* REQUIRED ACTION
Your task is to return the data below, word for word.

* Records drawn from a dataset
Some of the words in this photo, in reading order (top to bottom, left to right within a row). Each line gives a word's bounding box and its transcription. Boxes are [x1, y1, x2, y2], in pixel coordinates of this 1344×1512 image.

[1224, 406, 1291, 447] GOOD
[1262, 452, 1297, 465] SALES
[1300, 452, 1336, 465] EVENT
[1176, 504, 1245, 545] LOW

* FINAL ANSWER
Some of the words in this photo, in reading order (top to bottom, left to right within a row). Each line gives a word's bounding box and its transcription. Boxes are [x1, y1, x2, y2], in pixel coordinates of this 1344×1512 image.

[1224, 406, 1291, 447] GOOD
[1262, 452, 1297, 465] SALES
[1300, 452, 1336, 465] EVENT
[1176, 504, 1245, 545] LOW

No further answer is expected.